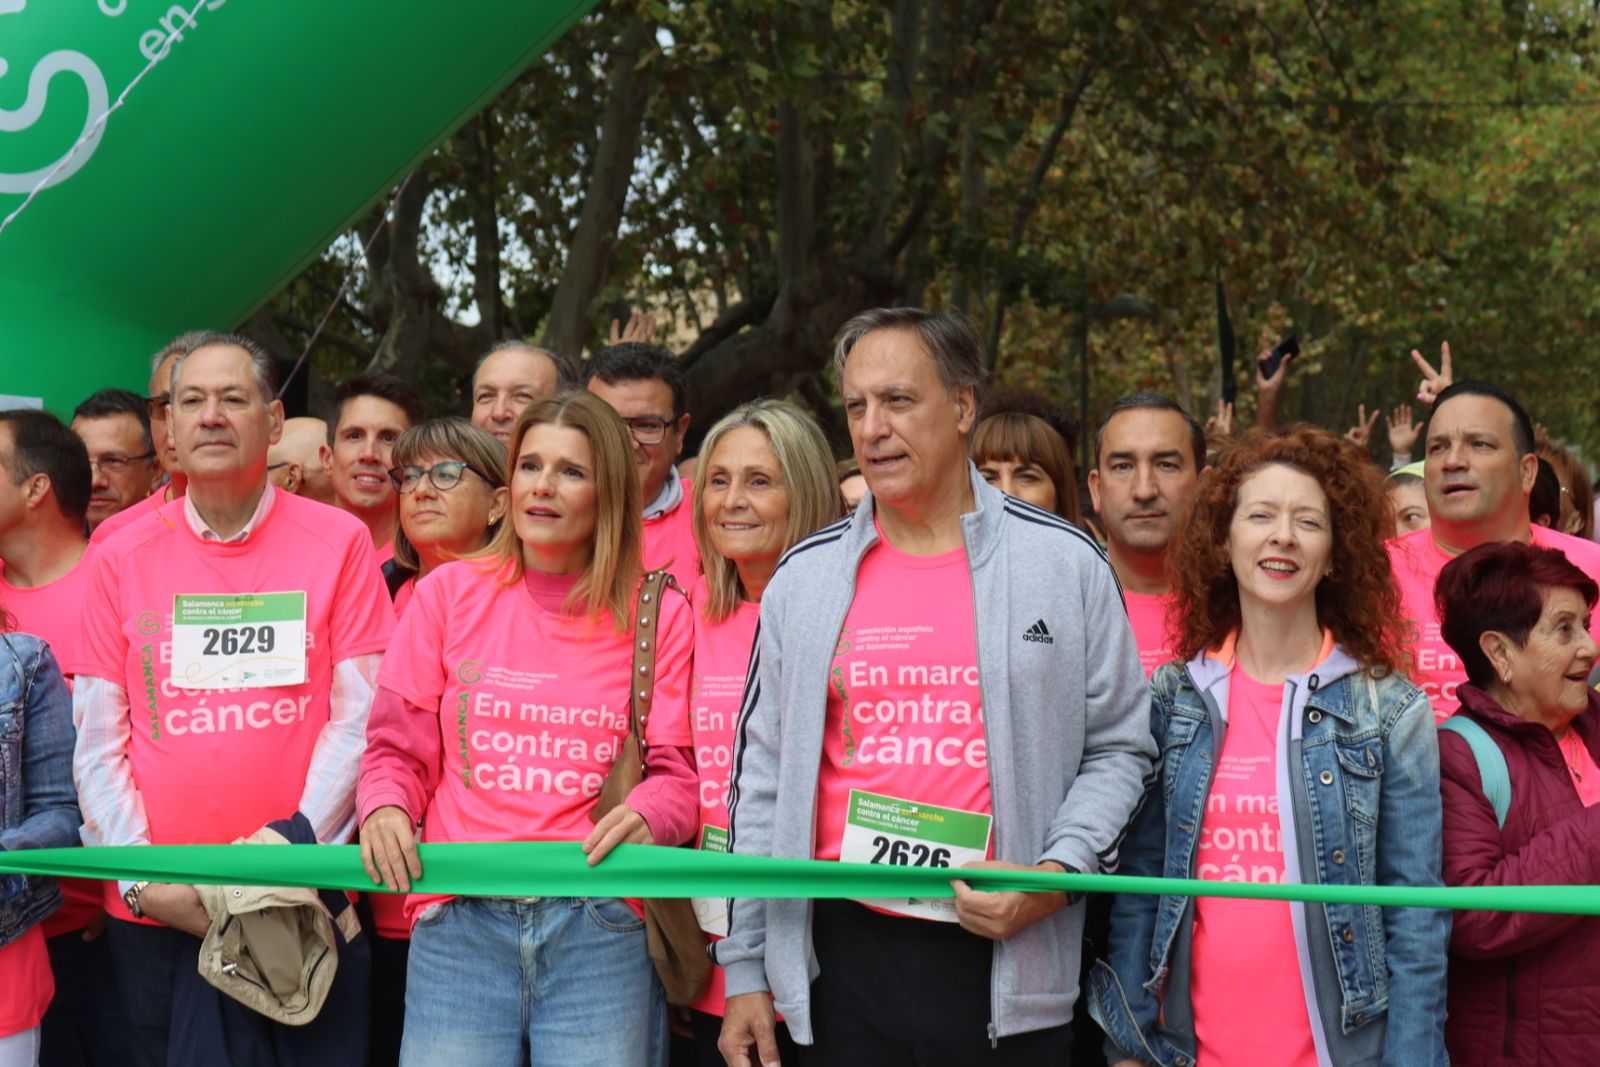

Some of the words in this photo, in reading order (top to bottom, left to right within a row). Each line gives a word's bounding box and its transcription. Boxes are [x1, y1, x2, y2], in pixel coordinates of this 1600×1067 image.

[139, 5, 197, 60] en
[203, 626, 274, 655] 2629
[1022, 633, 1053, 644] adidas
[850, 661, 887, 687] En
[898, 664, 979, 686] marc
[1418, 649, 1456, 670] En
[141, 644, 160, 740] SALAMANCA
[165, 694, 312, 735] cáncer
[474, 692, 511, 718] En
[519, 703, 627, 731] marcha
[697, 707, 723, 731] En
[832, 665, 855, 766] SALANCA
[853, 694, 972, 724] contra
[456, 692, 472, 789] SALAMANCA
[471, 730, 588, 761] contra
[593, 736, 618, 764] el
[856, 726, 987, 768] cánce
[474, 755, 604, 797] cánce
[857, 797, 900, 814] Salamanca
[857, 807, 880, 819] contra
[882, 812, 891, 821] el
[891, 813, 919, 826] cáncer
[1208, 793, 1226, 813] n
[1199, 822, 1283, 852] cont
[870, 836, 951, 869] 2626
[1198, 854, 1287, 884] cán
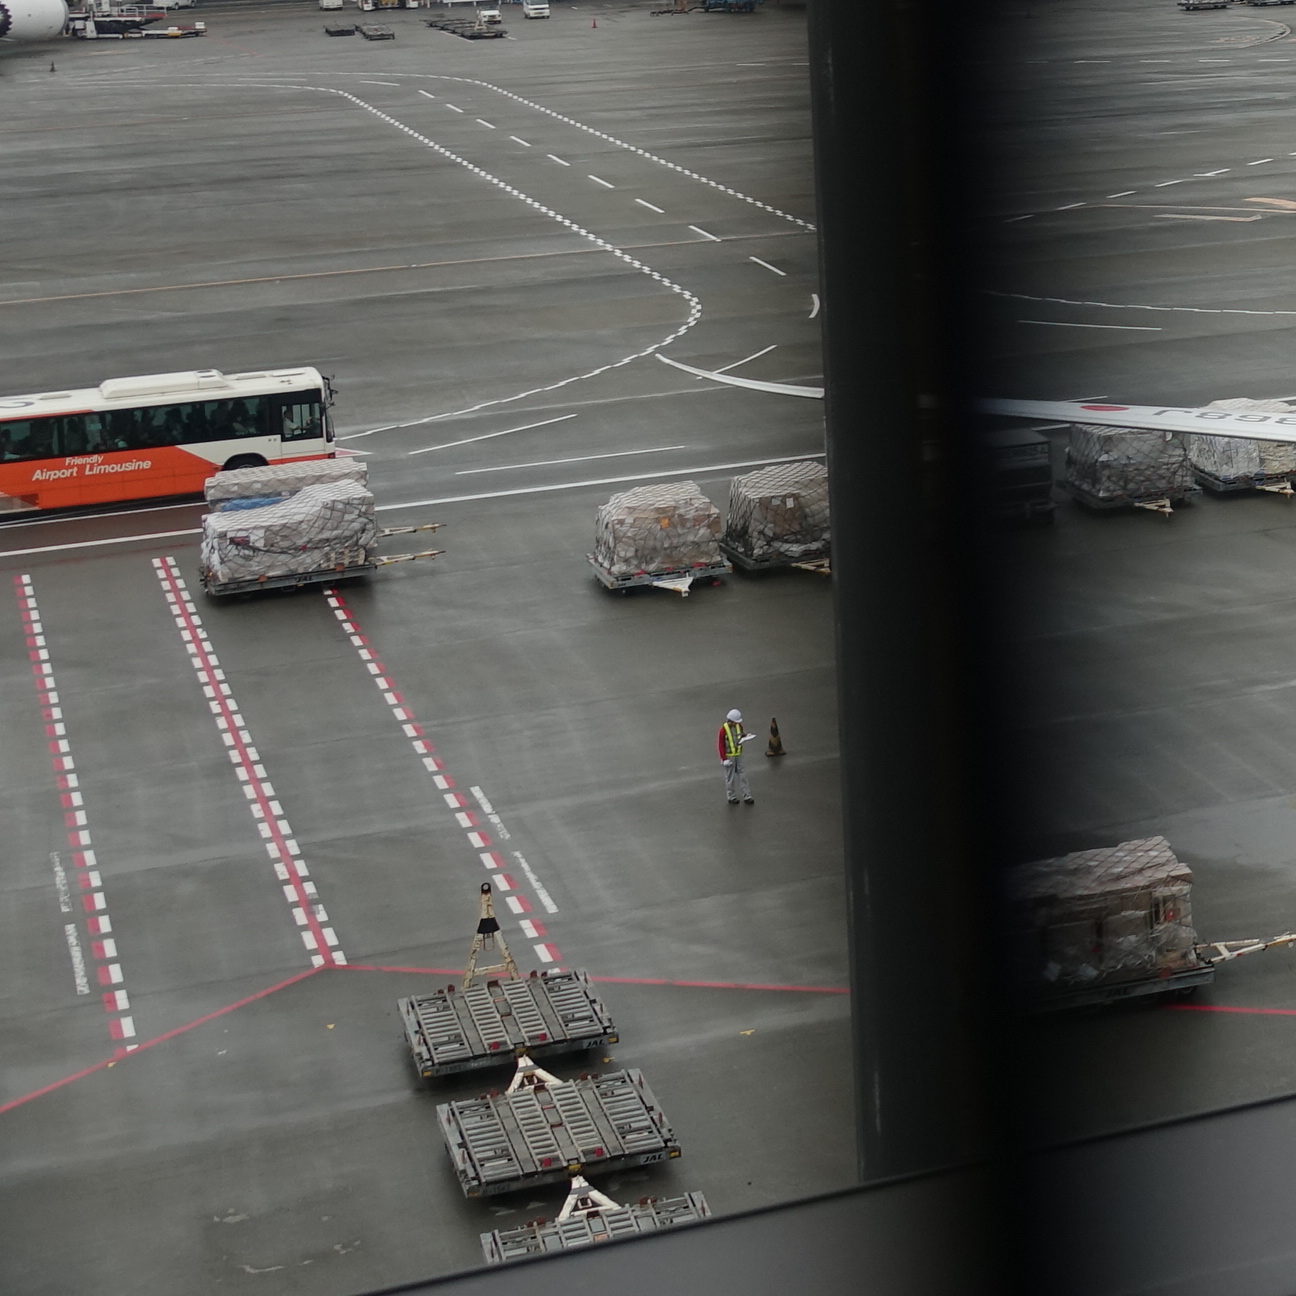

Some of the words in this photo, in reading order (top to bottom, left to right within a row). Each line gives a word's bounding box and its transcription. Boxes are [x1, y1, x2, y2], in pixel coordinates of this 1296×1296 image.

[65, 454, 104, 466] Friendly
[32, 467, 78, 482] Airport
[85, 459, 151, 476] Limousine
[585, 1039, 605, 1049] JAL
[642, 1153, 664, 1164] JAL
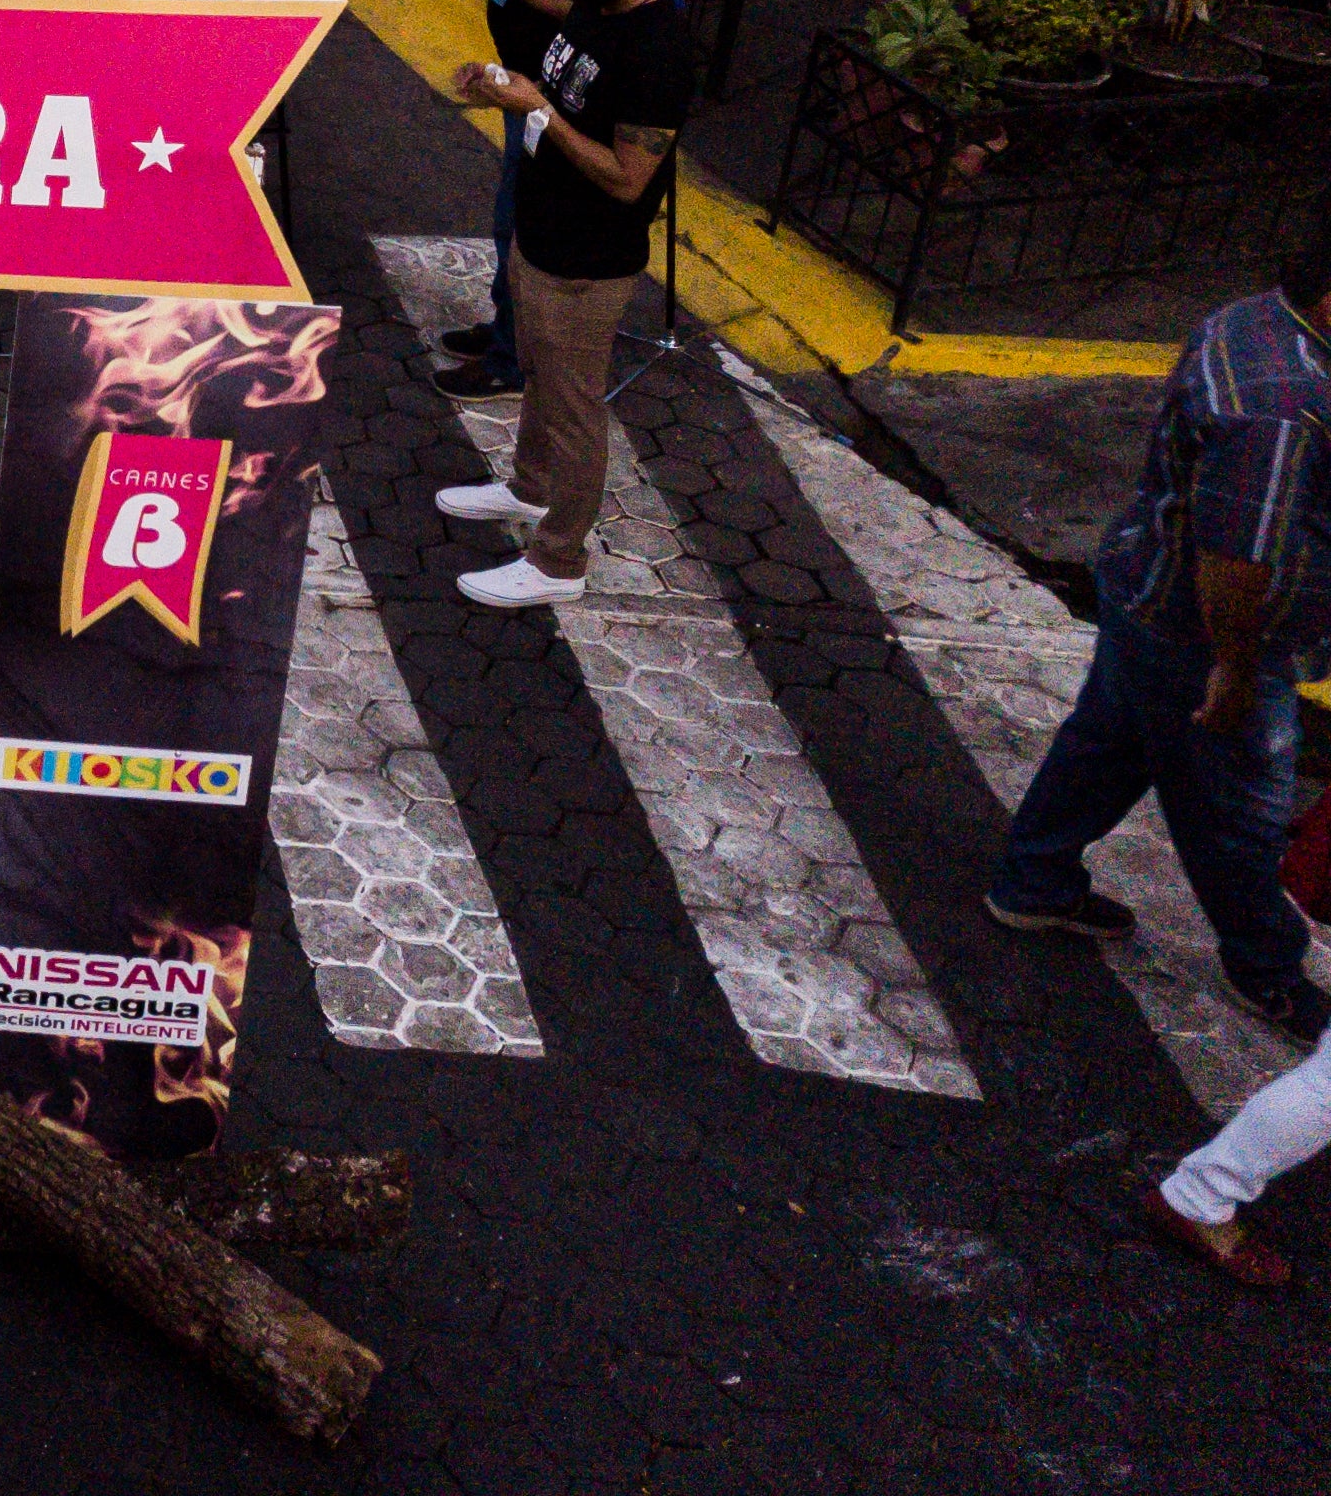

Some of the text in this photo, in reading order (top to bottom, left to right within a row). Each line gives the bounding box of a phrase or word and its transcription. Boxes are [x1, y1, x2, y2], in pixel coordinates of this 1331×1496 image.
---------------
▸ THE TASK
The records are to be returned verbatim. Skip any picture they contain.

▸ RESULT FOR THIS EXERCISE
Some of the words in this photo, in reading order (top to bottom, left to right within a row). Each line gives a word's bounding box and its transcription. Boxes are [x1, y1, x2, y2], in pixel coordinates of this 1600×1067 image.

[139, 5, 197, 60] en
[203, 626, 274, 655] 2629
[1022, 633, 1053, 644] adidas
[850, 661, 887, 687] En
[898, 664, 979, 686] marc
[1418, 649, 1456, 670] En
[141, 644, 160, 740] SALAMANCA
[165, 694, 312, 735] cáncer
[474, 692, 511, 718] En
[519, 703, 627, 731] marcha
[697, 707, 723, 731] En
[832, 665, 855, 766] SALANCA
[853, 694, 972, 724] contra
[456, 692, 472, 789] SALAMANCA
[471, 730, 588, 761] contra
[593, 736, 618, 764] el
[856, 726, 987, 768] cánce
[474, 755, 604, 797] cánce
[857, 797, 900, 814] Salamanca
[857, 807, 880, 819] contra
[882, 812, 891, 821] el
[891, 813, 919, 826] cáncer
[1208, 793, 1226, 813] n
[1199, 822, 1283, 852] cont
[870, 836, 951, 869] 2626
[1198, 854, 1287, 884] cán

Some of the words in this photo, in reading order (top to bottom, left to right within a row). Each line gives a word's bounding box and its transcription. Boxes are [x1, y1, x2, y2], in pixel coordinates of this 1296×1296 image.

[65, 454, 104, 466] Friendly
[32, 467, 78, 482] Airport
[85, 459, 151, 476] Limousine
[585, 1039, 605, 1049] JAL
[642, 1153, 664, 1164] JAL

Some of the text in this photo, in reading order (top to bottom, left to right within a row). Each line gives the bounding box of a phrase or word and its transcription. Boxes are [x1, y1, x2, y2], in pixel coordinates of this 1331×1496 image.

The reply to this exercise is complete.